Nick Bostrom, the director of the Future of Humanity Institute at Oxford University, argues in his book Superintelligence that it will not always be as easy to turn off an intelligent machine as it was to turn off Tay. He defines superintelligence as an intellect that is “smarter than the best human brains in practically every field, including scientific creativity, general wisdom, and social skills.” Such a system may be able to outsmart our attempts to turn it off.
Some doubt that superintelligence will ever be achieved. Bostrom, together with Vincent Müller, asked AI experts to indicate dates corresponding to when there is a one in two chance of machines achieving human-level intelligence and when there is a nine in ten chance. The median estimates for the one in two chance were in the 2040-2050 range, and 2075 for the nine in ten chance. Most experts expected that AI would achieve superintelligence within 30 years of achieving human- level intelligence.
We should not take these estimates too seriously. The overall response rate was only 31%, and researchers working in AI have an incentive to boost the importance of their field by trumpeting its potential to produce momentous results.
The prospect of AI achieving superintelligence may seem too distant to worry about, especially given more pressing problems. But there is a case to be made for starting to think about how we can design AI to take into account the interests of humans, and indeed of all sentient beings (including machines, if they are also conscious beings with interests of their own).
With driverless cars already on California roads, it is not too soon to ask whether we can program a machine to act ethically. As such cars improve, they will save lives, because they will make fewer mistakes than human drivers do. Sometimes, however, they will face a choice between lives. Should they be programmed to swerve to avoid hitting a child running across the road, even if that will put their passengers at risk? What about swerving to avoid a dog? What if the only risk is damage to the car itself, not to the passengers?
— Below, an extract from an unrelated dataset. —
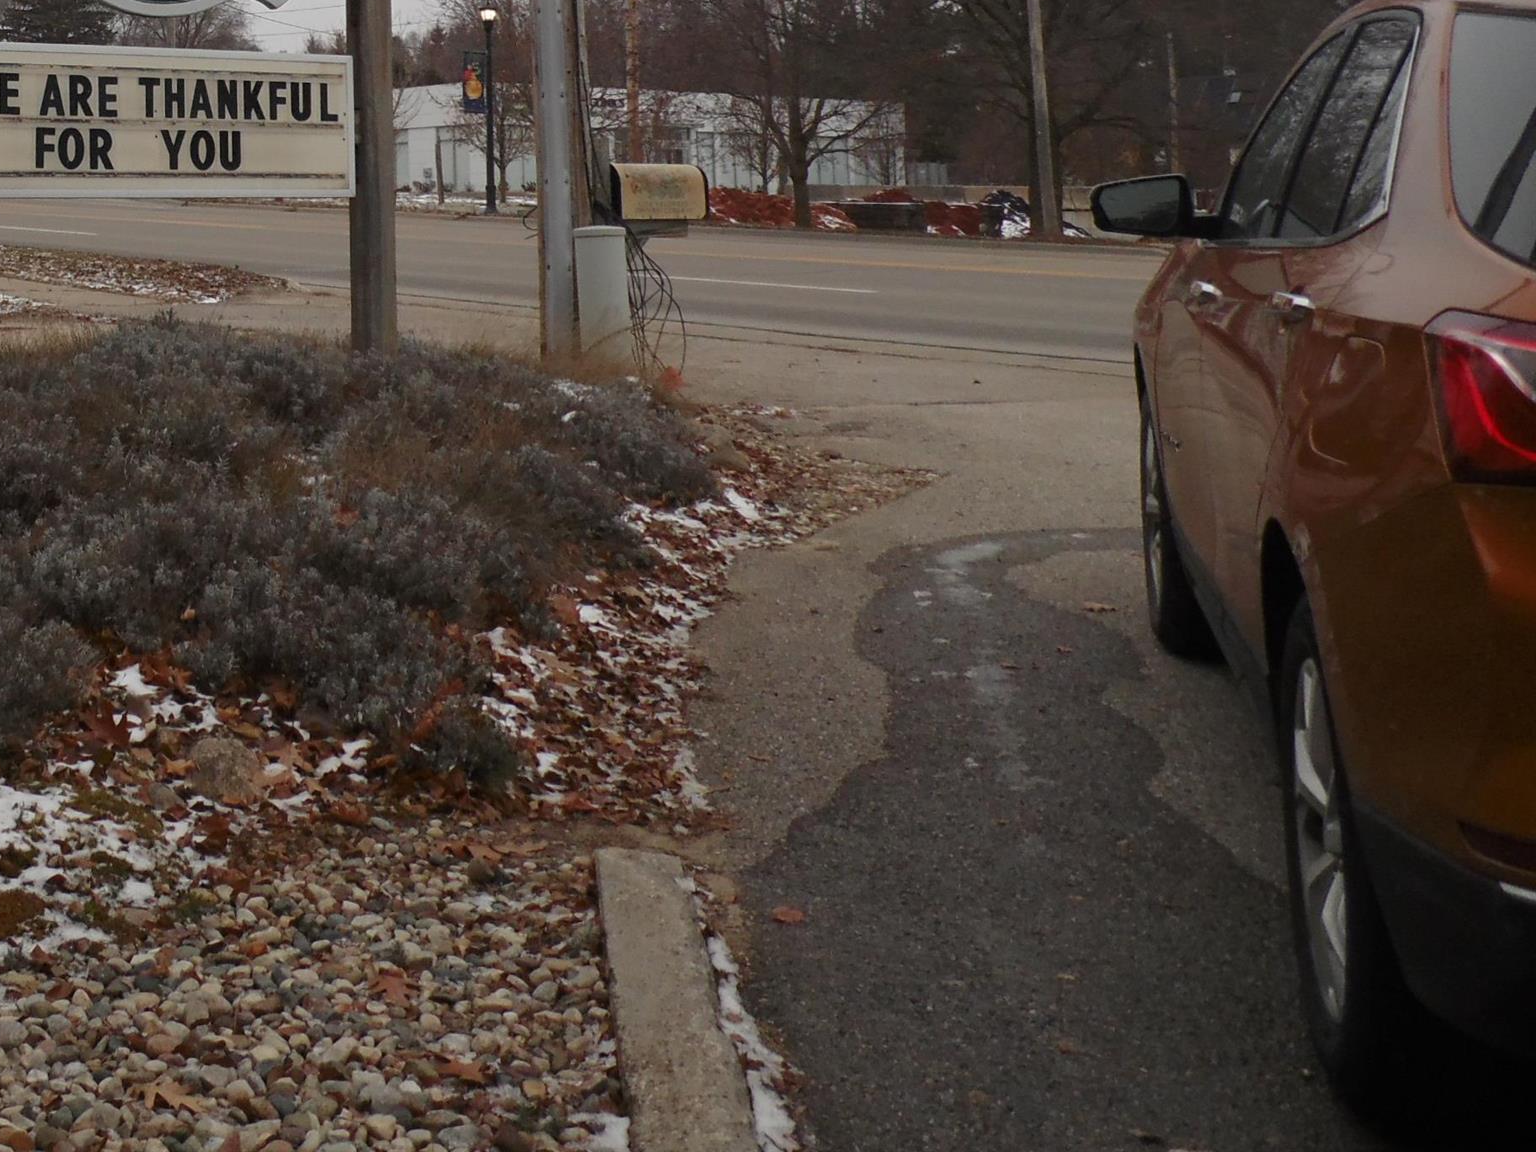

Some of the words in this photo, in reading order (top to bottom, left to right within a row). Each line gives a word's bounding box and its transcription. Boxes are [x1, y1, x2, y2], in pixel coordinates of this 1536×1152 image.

[39, 74, 119, 118] ARE
[138, 77, 339, 122] THANKFUL
[35, 127, 114, 170] FOR
[161, 129, 241, 171] YOU
Perhaps there will be lessons to learn as such discussions about driverless cars get started. But driverless cars are not superintelligent beings. Teaching ethics to a machine that is more intelligent than we are, in a wide range of fields, is a far more daunting task.
Bostrom begins Superintelligence with a fable about sparrows who think it would be great to train an owl to help them build their nests and care for their young. So they set out to find an owl egg. One sparrow objects that they should first think about how to tame the owl; but the others are impatient to get the exciting new project underway. They will take on the challenge of training the owl (for example, not to eat sparrows) when they have successfully raised one.
If we want to make an owl that is wise, and not only intelligent, let’s not be like those impatient sparrows.